Le nuove frontiere portano nuove sfide. Di fronte al tema della transizione digitale, qual è il ruolo dell’etica nella tecnologia, soprattutto rispetto al sensibile tema dei dati? Nell’affrontare questo processo regolatorio del digitale, con riferimento allo scambio e utilizzo di dati informatici, in che modo l’etica anche in questo campo può ispirare la tutela di queste informazioni?
«Esiste certamente un problema serio dei dati cosiddetti “sensibili”. Perciò parlamenti e governi devono guardare l’evoluzione tecnologica con la massima attenzione e formulare regole che possano essere poi anche controllabili nell’applicazione. Penso che su questo campo una collaborazione fra gli Stati possa essere di grande aiuto, trattandosi quasi sempre di realtà internazionali potrebbe essere quasi decisiva per la riuscita. Al contempo non dimentichiamo l’intelligenza artificiale nel suo impatto nel mondo della sanità, della giurisprudenza, dell’automotive, della robotica in generale. Sono temi che pongono il problema della responsabilità personale e civile con grande urgenza. Anche in questo caso penso che solo una cooperazione internazionale possa dare direttive che evitano zone grigie potenzialmente nefaste per la vita dei singoli e delle società».

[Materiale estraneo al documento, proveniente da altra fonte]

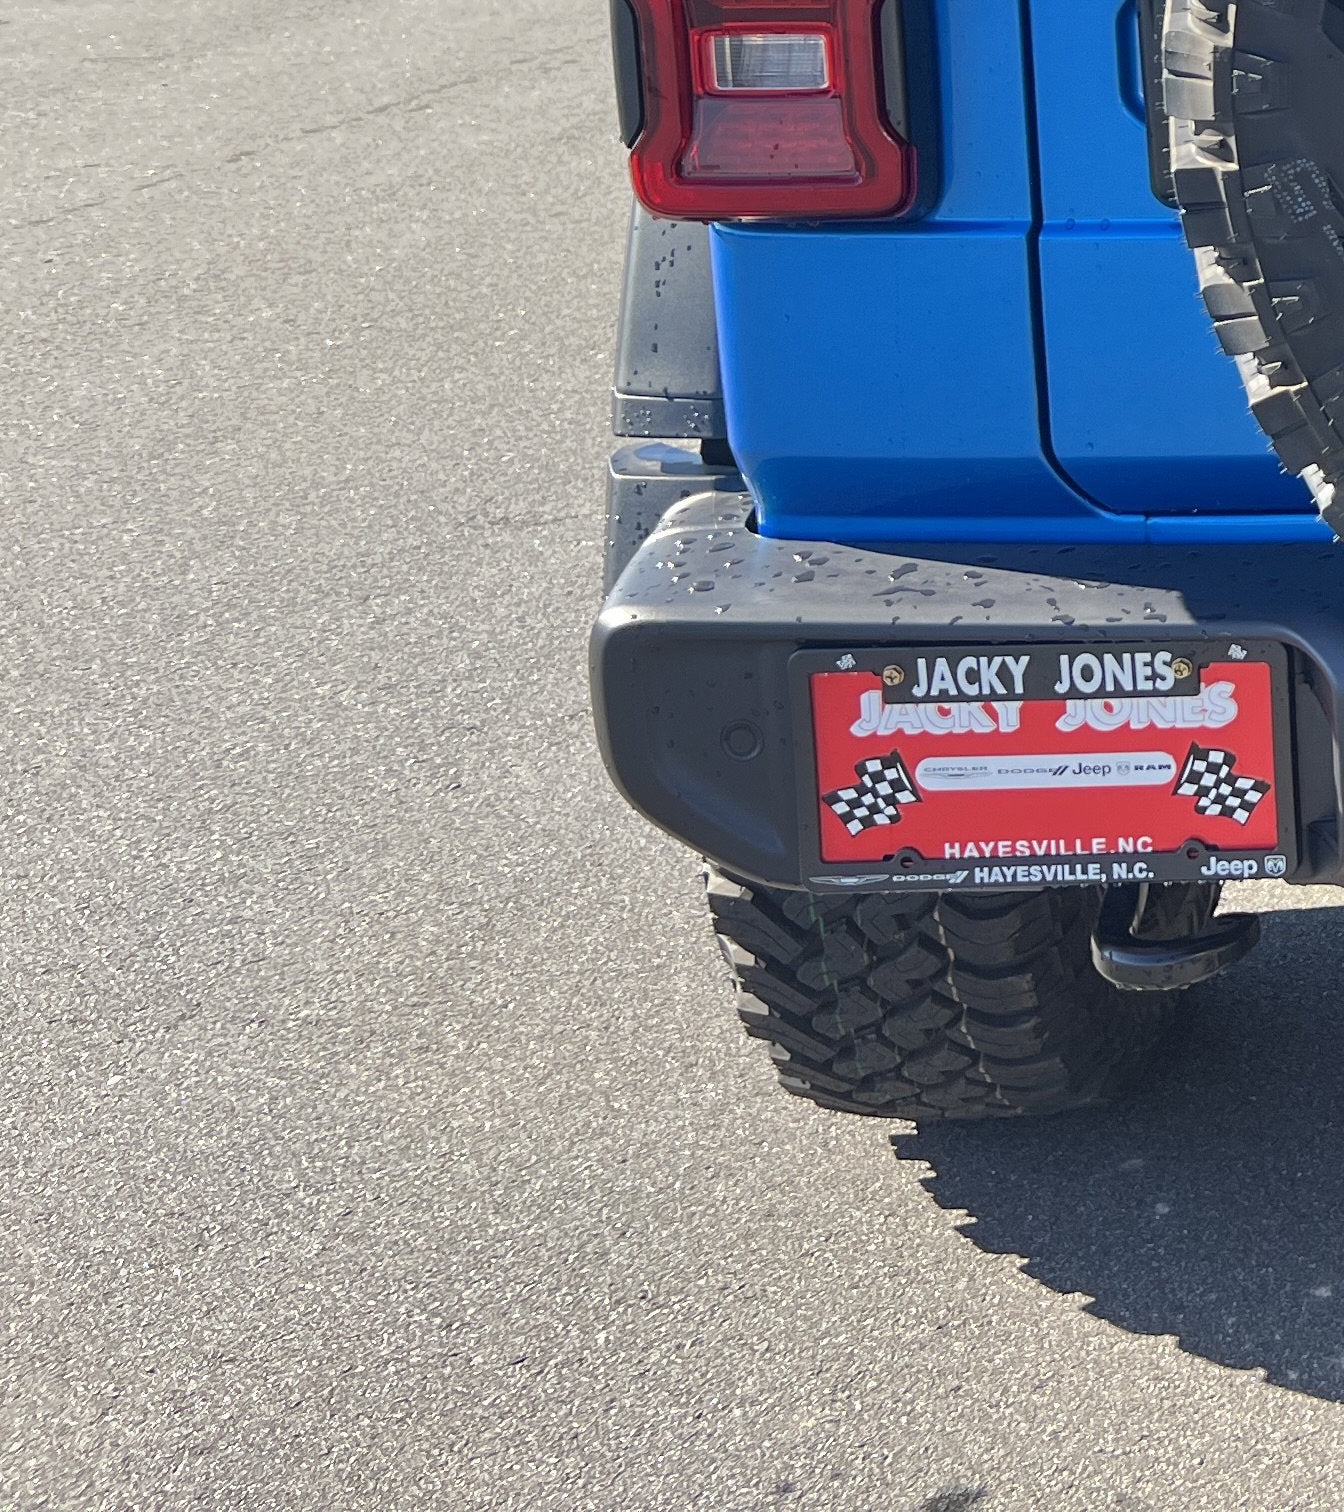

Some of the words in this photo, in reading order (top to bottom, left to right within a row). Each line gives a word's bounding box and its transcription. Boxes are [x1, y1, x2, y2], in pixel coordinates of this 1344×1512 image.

“La verità è che ti fa paura l’idea di scomparire, l’idea che tutto quello a cui ti aggrappi prima o poi dovrà finire” canta Brunori Sas che quest’anno sarà ospite anche di uno degli spettacoli del Meeting di Rimini. Di fronte a questo crollo degli ideali e del fatto che nulla regge di fronte all’impatto della vita, quali sono gli anticorpi umani che dobbiamo sviluppare per non cadere nelle difficoltà che caratterizzano il nostro presente?
«Uno degli anticorpi più importanti è un’ultima sincerità con se stessi: prendere coscienza del proprio desiderio di felicità che si esprime attraverso tutte le nostre attese e le nostre azioni e prendere coscienza che non siamo noi a poter creare una risposta a questo desiderio, anzi non siamo neanche in grado da soli di viverlo in modo autentico. Allora mettiamoci insieme alla ricerca, seguiamo la traccia di questo desiderio con semplicità e ascoltiamo chi ci può testimoniare un ideale in grado di aprire una strada verso un compimento pieno e duraturo. Senza pretesa ma con attesa vera, aperta, curiosa. E la carta di tornasole ce l’ha ciascuno: o l’ideale mi permette di crescere e di maturare nelle circostanze belle della vita ma anche in quelle meno belle o anche dolorose, oppure non è un ideale che può rendere veramente felici. Senza un ideale reale ci si attacca poi inevitabilmente alle varie ideologie, agli idoli del momento, ai vari complottismi nell’illusione di trovare una certezza esistenziale. Il titolo del Meeting è tratto da un intervento di don Luigi Giussani al Meeting di Rimini del 1985 nel quale afferma che il cristianesimo non è nato come religione ma come passione per l’uomo. Forse è arrivato il momento di riscoprire questa passione nella sua essenzialità ideale e perciò esistenziale».